To celebrate the Roman New Year in AD 192, Commodus decided he wanted to make an appearance before the Roman people not from the palace in traditional purple robes, but from the gladiator's barracks, escorted by the rest of the gladiators. After telling his plan to Marcia the night before, she begged him not to behave so carelessly and bring disgrace to the Roman Empire. Commodus, upset by Marcia's reaction, then told his plan to Aemilius Laetus, the Praetorian prefect, and Eclectus, his servant. After they, too, tried to dissuade him, he became furious and put their three names on a proscribed list of people to be executed the next morning, along with prominent senators.

While Commodus was taking a bath, his favorite servant boy Philocommodus (whose name is a symbol of Commodus' fondness for the boy) found the tablet on which the list was written and ran into Marcia while holding the tablet. Marcia took it from him, thinking she was protecting a document from potentially being ruined, and in horror saw her name at the top of the list. According to Herodian, she cried out, "Well done, indeed, Commodus. This is fine return for the kindness and affection I have lavished on you and for the drunken insults which I have endured from you all these years. A fuddled drunkard is not going to get the better of a sober woman".

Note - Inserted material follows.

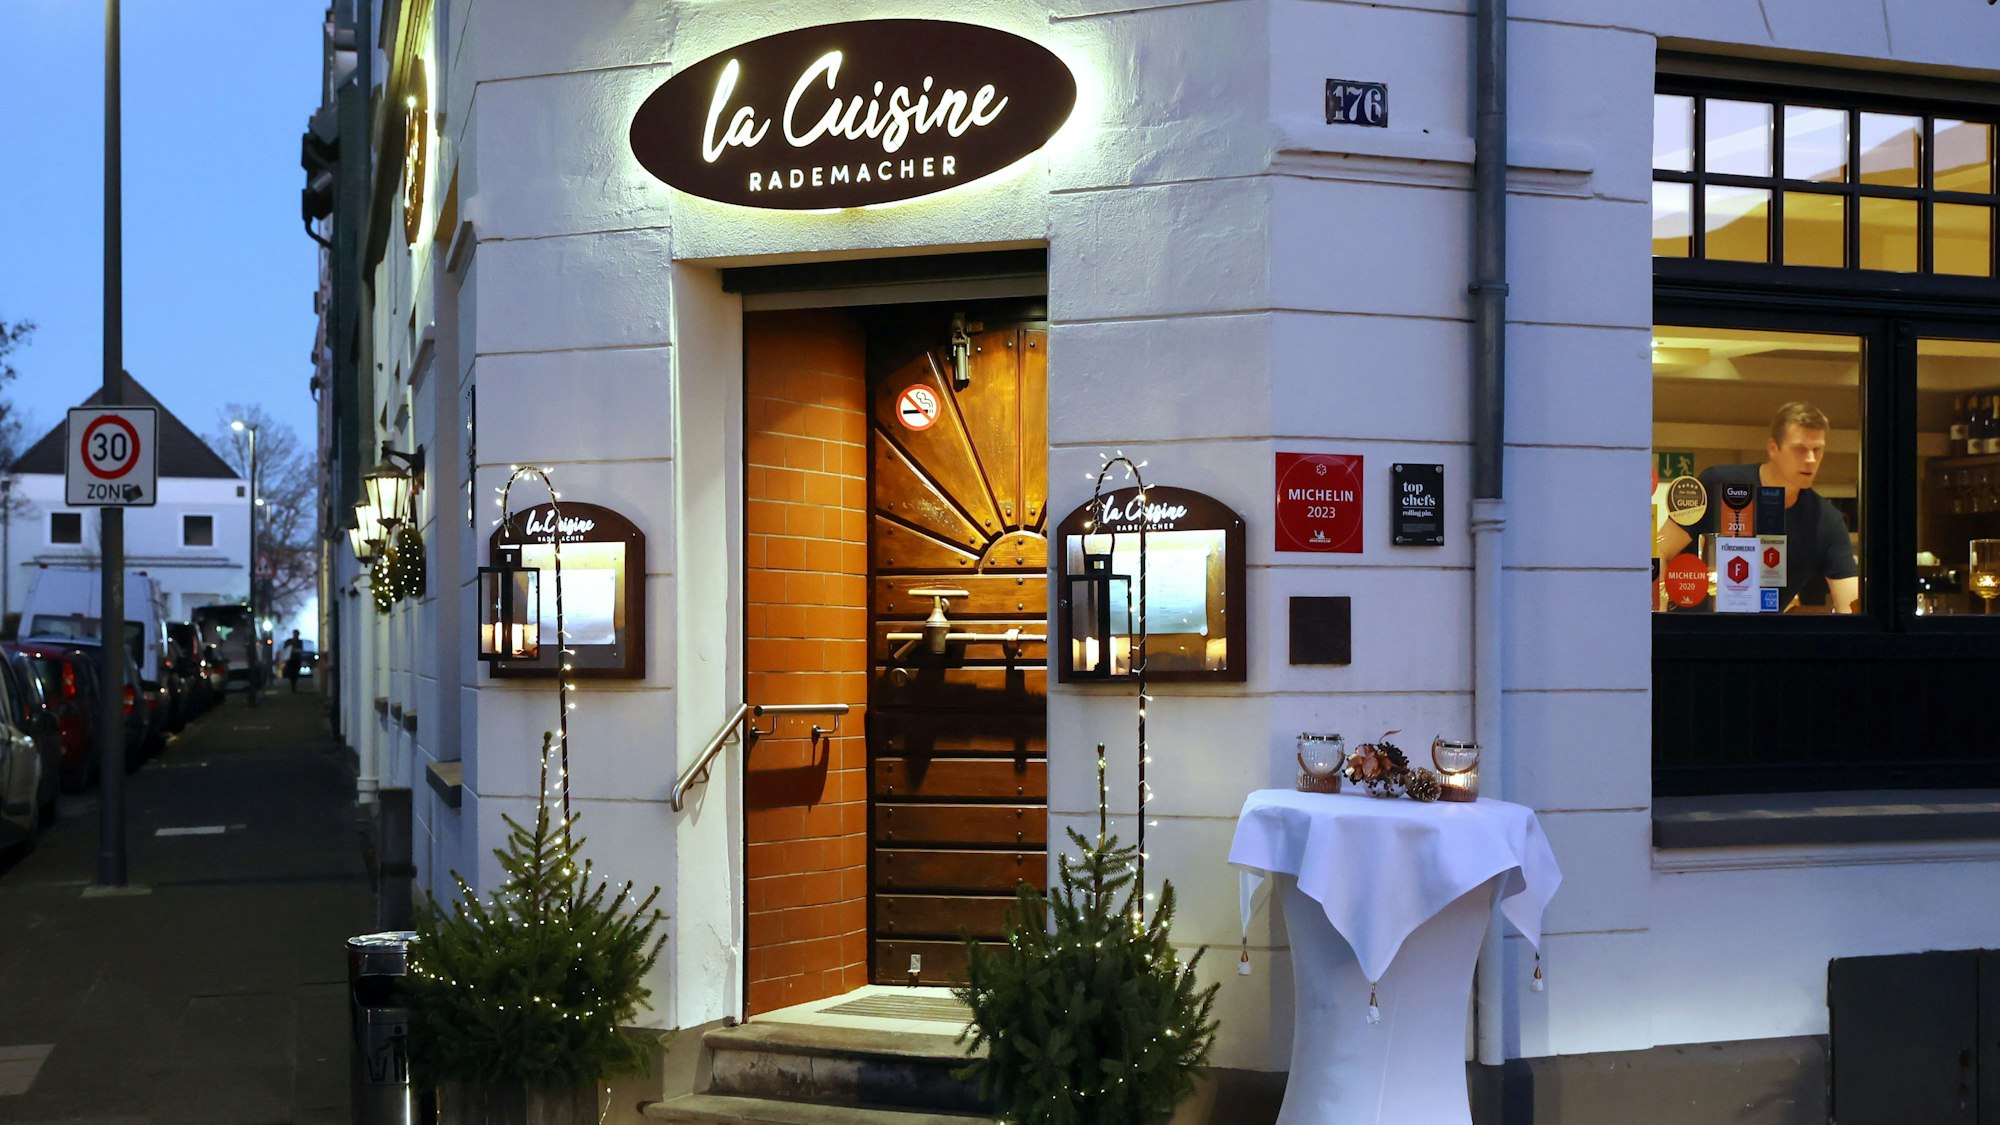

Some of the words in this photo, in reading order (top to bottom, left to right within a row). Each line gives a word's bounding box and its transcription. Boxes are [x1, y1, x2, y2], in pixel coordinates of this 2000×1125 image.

She met with Laetus and Eclectus, and the three of them decided they had to kill Commodus to save their own lives. Usually Marcia gave the emperor his first drink after his bath, so he could have the pleasure of drinking from his lover's hand. It was easy, then, for her to mix poison with the wine. After drinking the wine, he became so ill that his vomiting would not cease. The three conspirators were afraid he would vomit up all the poison, so they ordered Narcissus, a young athlete, to strangle Commodus for a large reward.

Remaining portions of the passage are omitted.